When Birt mounted the mule, and rode out of the yard, he glanced back and saw that Rufe had approached the shed; judging by his gestures, he was asking a variety of questions touching the art of tanning, to which Byers amicably responded.
The mists were shifting as Birt went on and on. He heard the acorns dropping from the chestnut-oaks - sign that the wind was awake in the woods. Like a glittering, polished blade, at last a slanting sunbeam fell. It split the gloom, and a radiant afternoon seemed to emerge. The moist leaves shone; far down the aisles of the woods the fugitive mists, in elusive dryadic suggestions, chased each other into the distance. Although the song-birds were all silent, there was a chirping somewhere - cheerful sound! He had almost reached his destination when a sudden rustling in the undergrowth by the roadside caused him to turn and glance back.

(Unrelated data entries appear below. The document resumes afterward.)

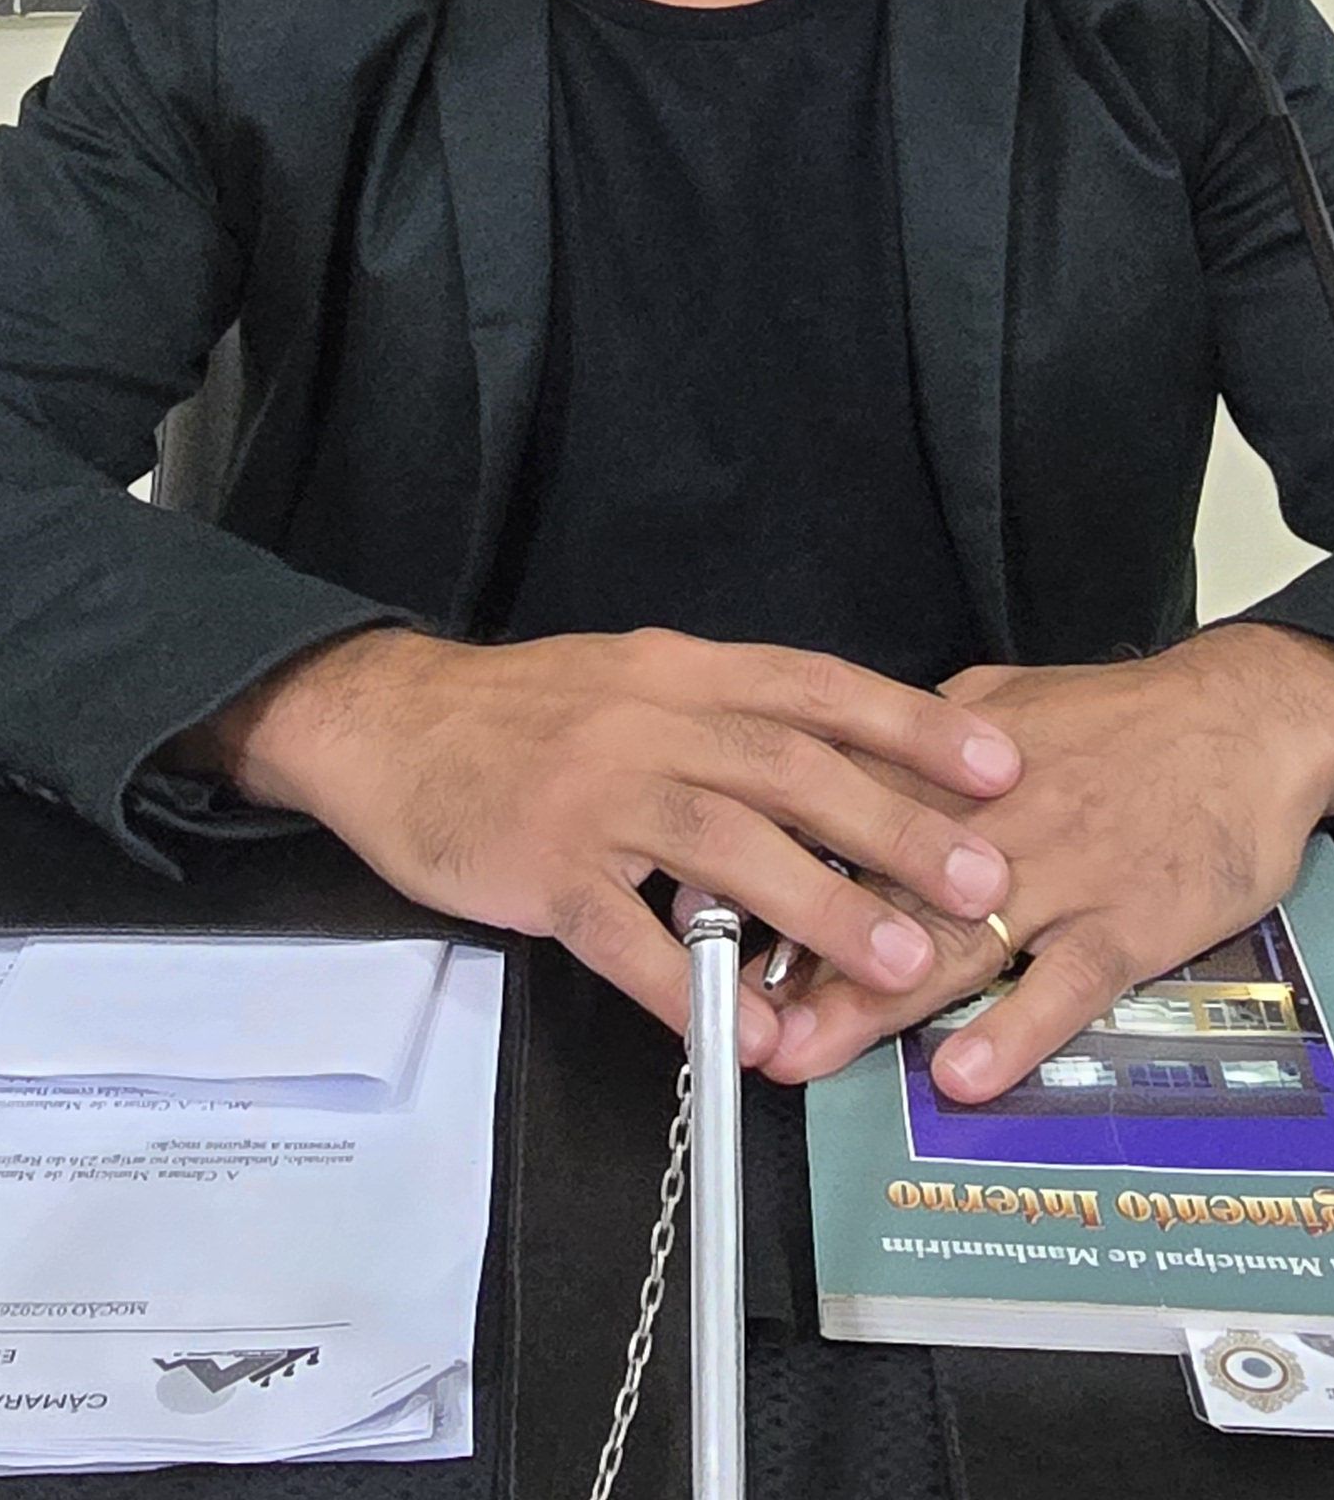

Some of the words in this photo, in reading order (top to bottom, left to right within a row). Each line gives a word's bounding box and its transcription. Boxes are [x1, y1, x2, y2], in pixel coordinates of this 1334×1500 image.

[89, 1100, 108, 1112] de
[205, 1139, 267, 1151] seguinte
[284, 1139, 356, 1151] apresenta
[46, 1156, 66, 1167] do
[101, 1154, 147, 1167] artigo
[172, 1155, 280, 1167] fundamentado
[44, 1170, 63, 1181] de
[69, 1168, 150, 1182] Municipal
[159, 1170, 218, 1181] Câmara
[226, 1170, 239, 1181] A
[884, 1180, 1104, 1231] Interno
[881, 1237, 1101, 1268] Manhumirim
[1107, 1247, 1147, 1270] de
[1156, 1246, 1323, 1278] Municipal
[71, 1301, 149, 1319] MOÇÃO
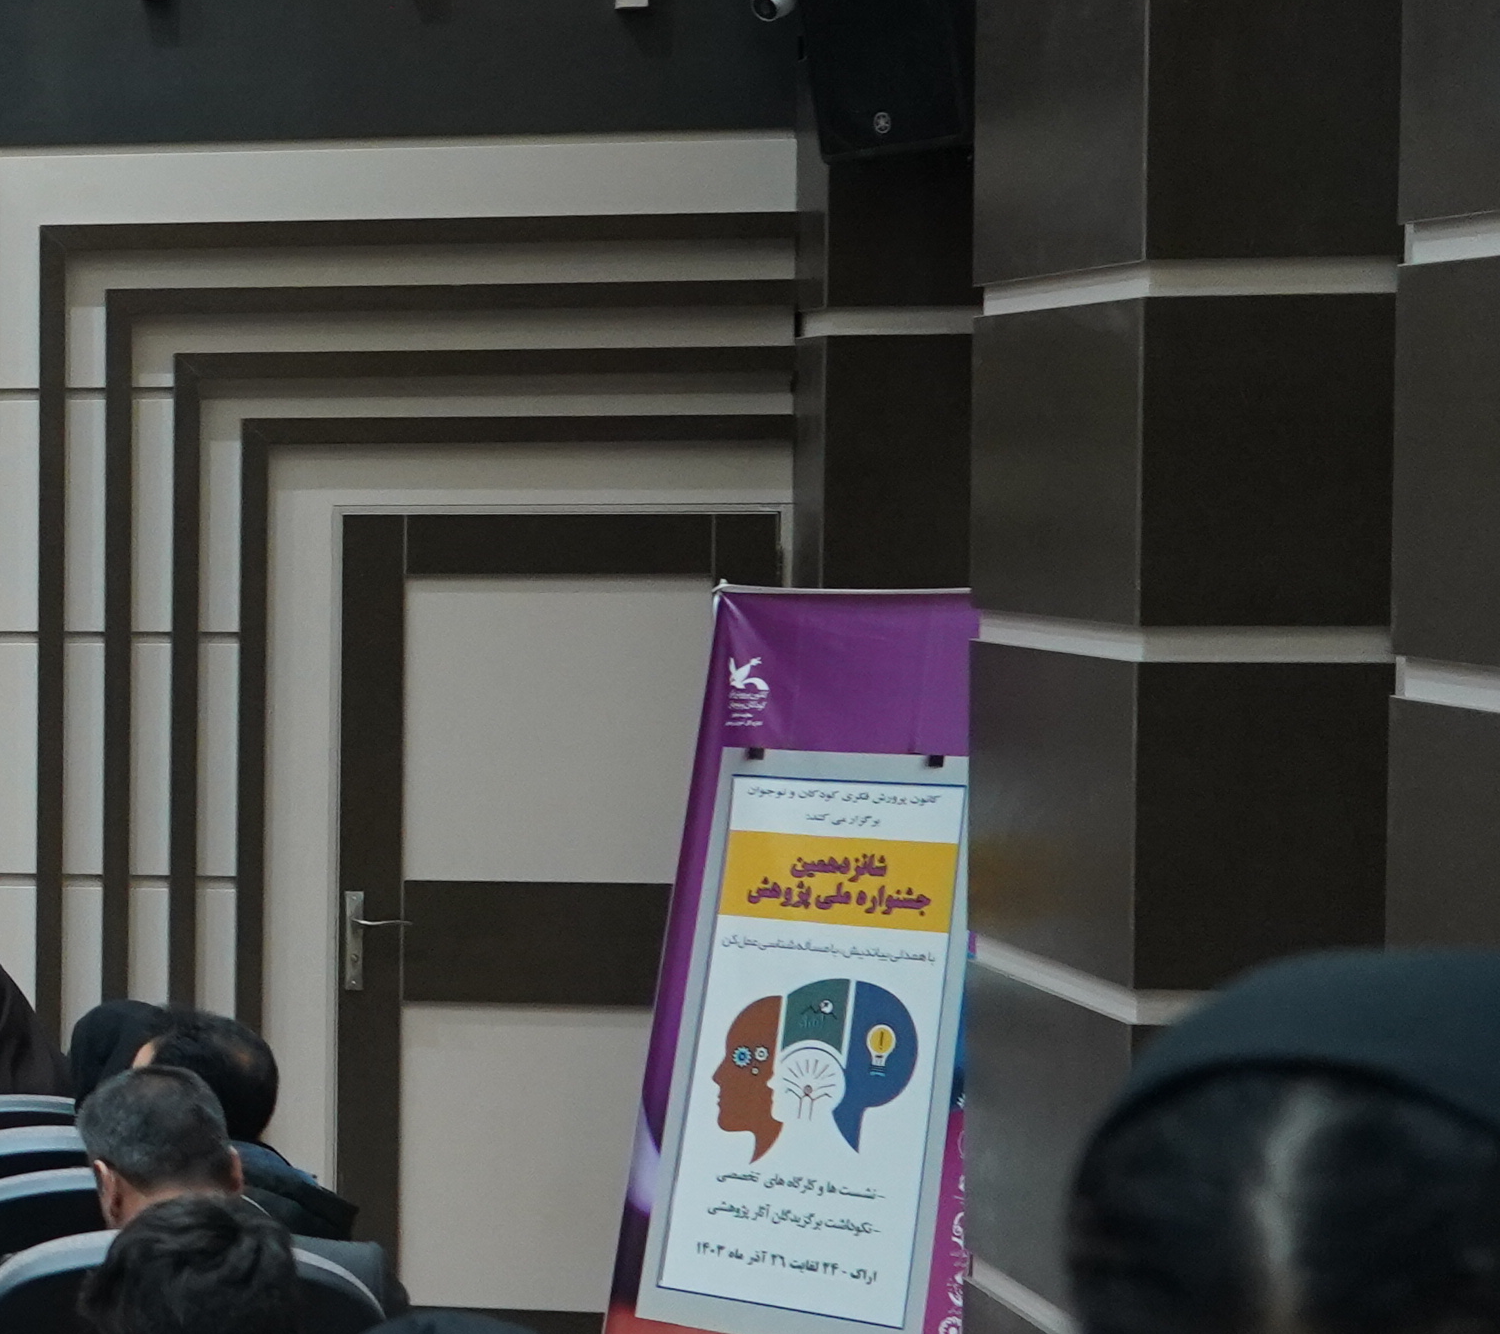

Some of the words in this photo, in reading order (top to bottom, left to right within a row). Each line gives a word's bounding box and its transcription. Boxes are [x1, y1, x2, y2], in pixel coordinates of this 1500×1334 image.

[790, 853, 888, 882] شانزدهمین
[747, 876, 812, 910] پژوهش
[815, 882, 851, 910] ملی
[856, 884, 931, 916] جشنواره

Two or three shoats lifted their heads and were gazing at him with surprise, and a certain disfavor, as if they did not quite like his looks. A bevy of barefooted, tow-headed children were making mud pies in a marshy dip close by. An ancient hound, that had renounced the chase and assumed in his old age the office of tutor, seemed to preside with dignity and judgment. He, too, had descried the approach of the stranger. He growled, but made no other demonstration.

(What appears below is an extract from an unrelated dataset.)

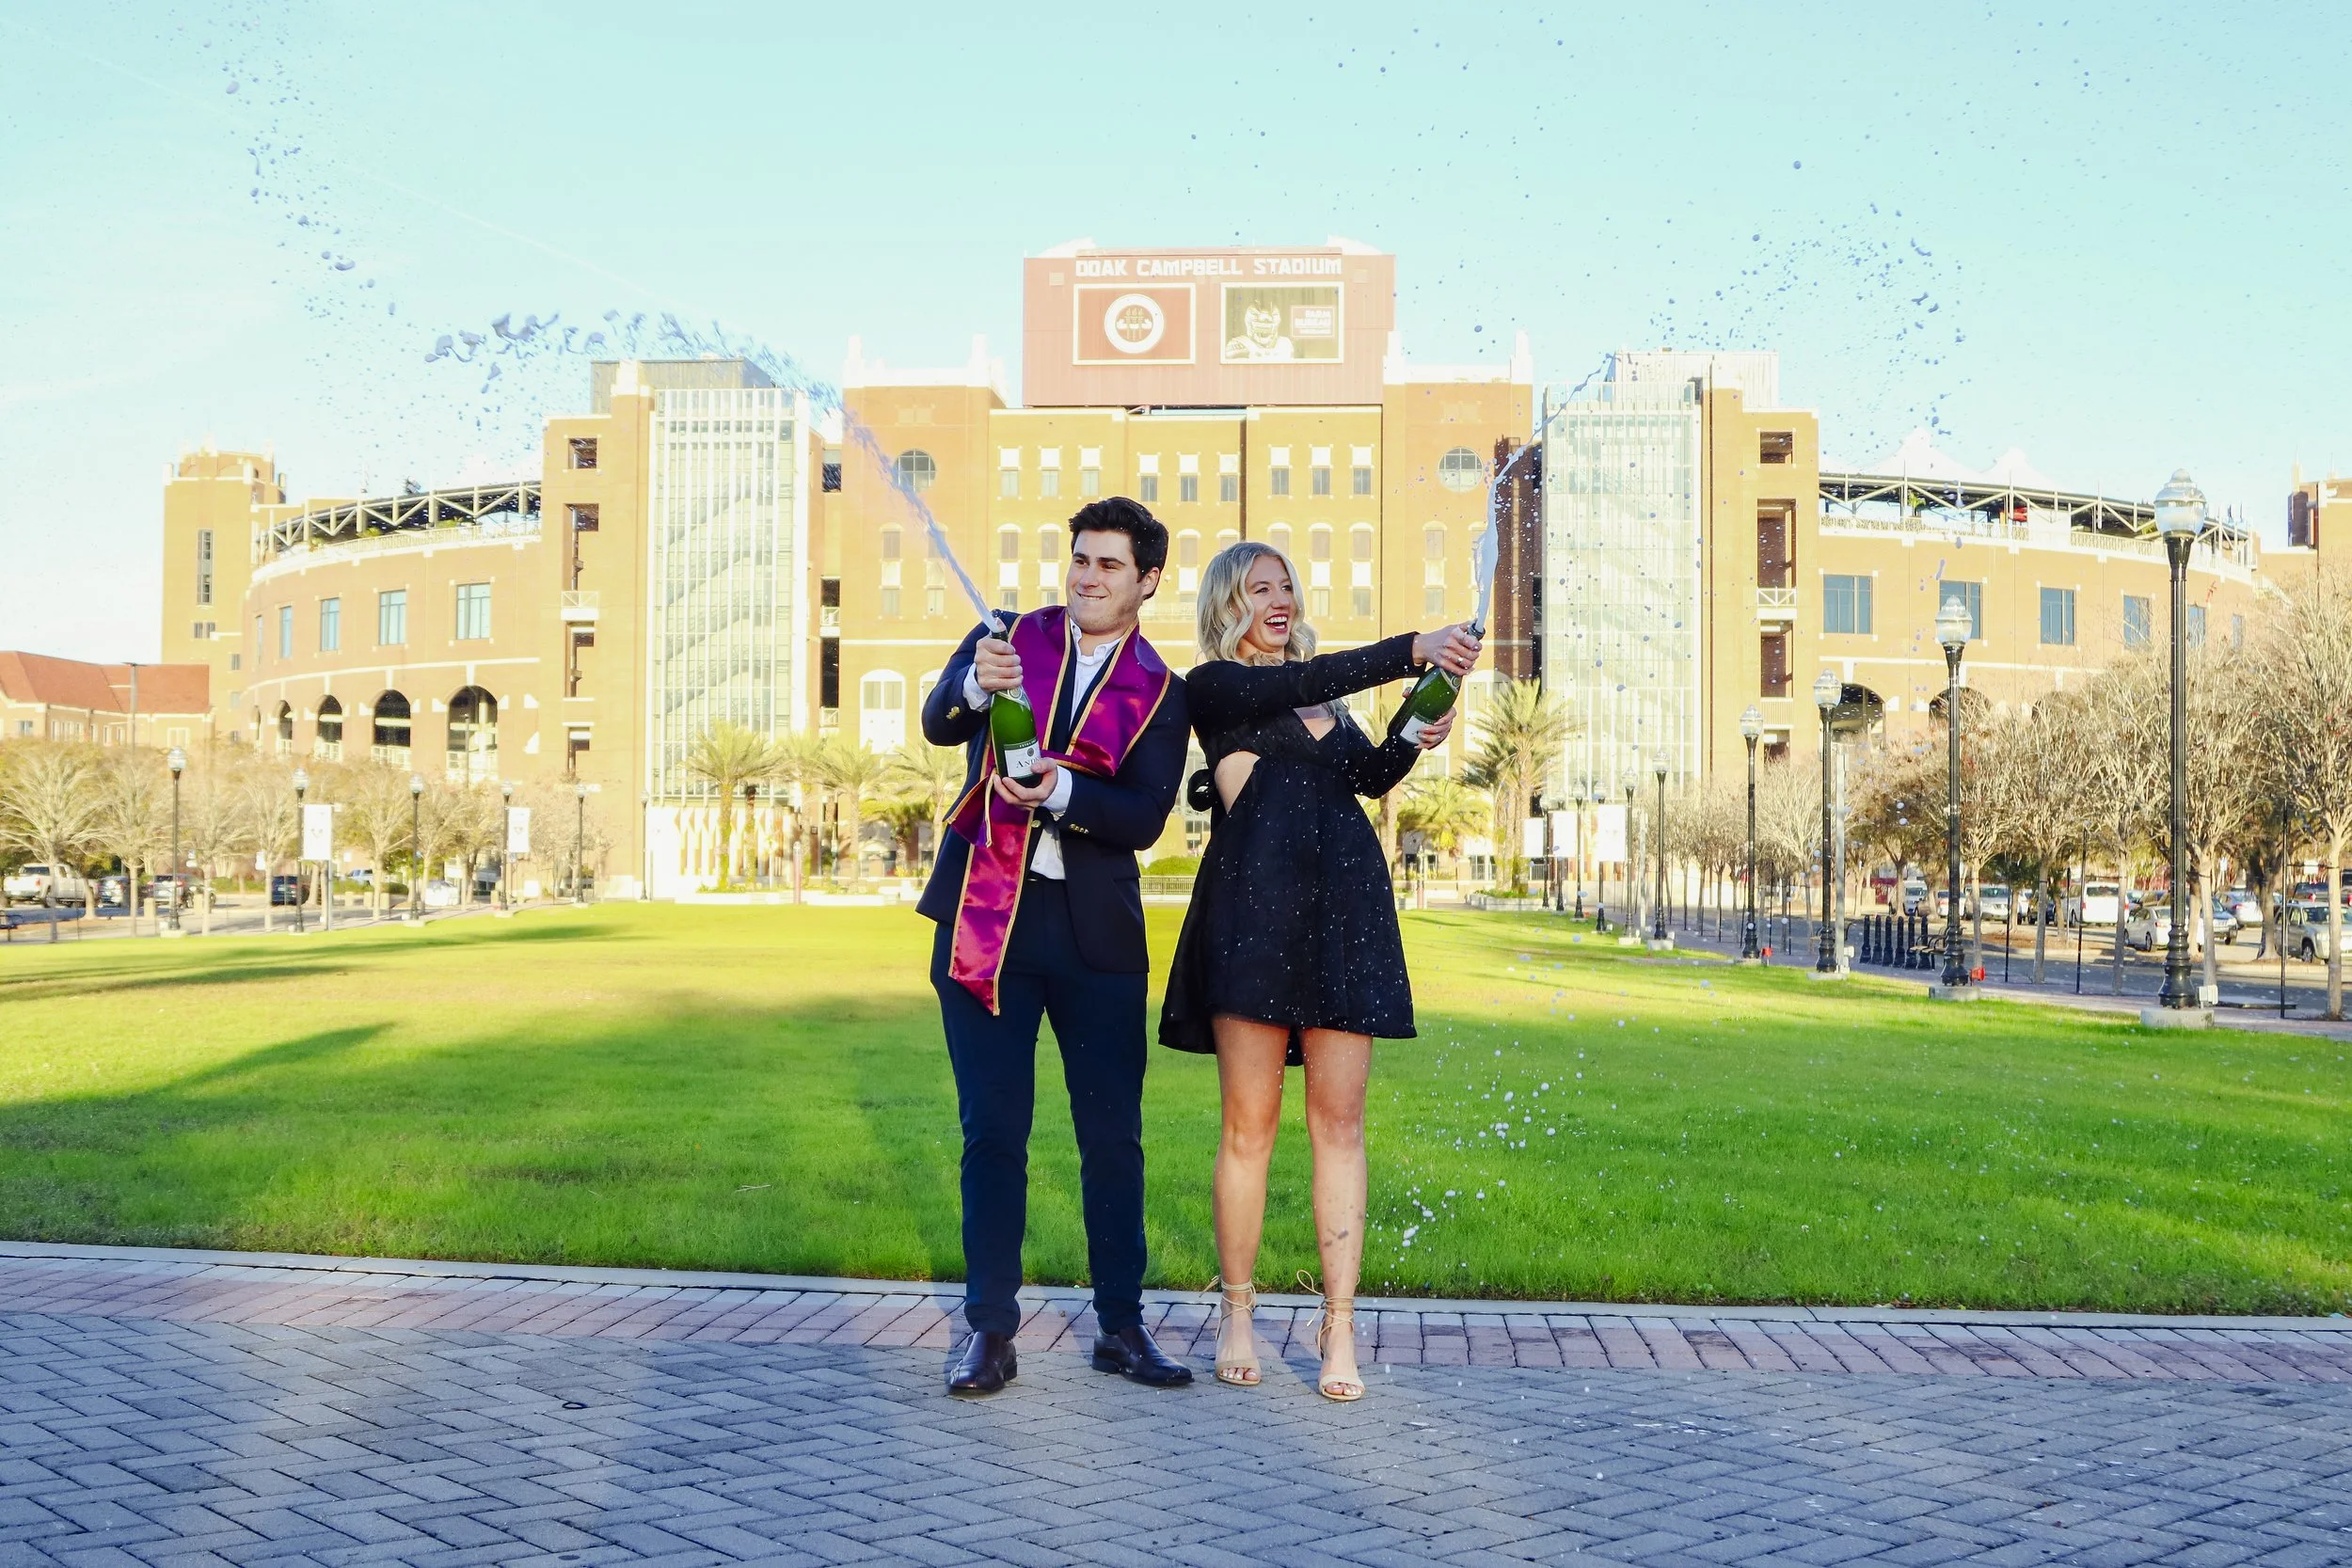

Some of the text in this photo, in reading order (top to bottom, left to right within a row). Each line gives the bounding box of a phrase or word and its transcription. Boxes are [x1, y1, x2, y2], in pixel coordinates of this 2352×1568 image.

“Whar’s Nate?” Birt called out, for these were the children of Nate’s eldest brother.
For a moment there was no reply. Then the smallest of the small boys shrilly piped out, “He hev gone away! - him an’ gran’dad’s claybank mare.”
Another unexpected development! “When will he come back?”
“Ain’t goin’ ter come back fur two weeks.”
“Whar ’bouts hev he gone?” asked Birt amazed.
“Dunno,” responded the same little fellow.
“When did he set out?”
There was a meditative pause. Then ensued a jumbled bickering. The small boys, the shoats, and the hound seemed to consult together in the endeavor to distinguish “day ’fore yestiddy” from “las’ week.” The united intellect of the party was inadequate.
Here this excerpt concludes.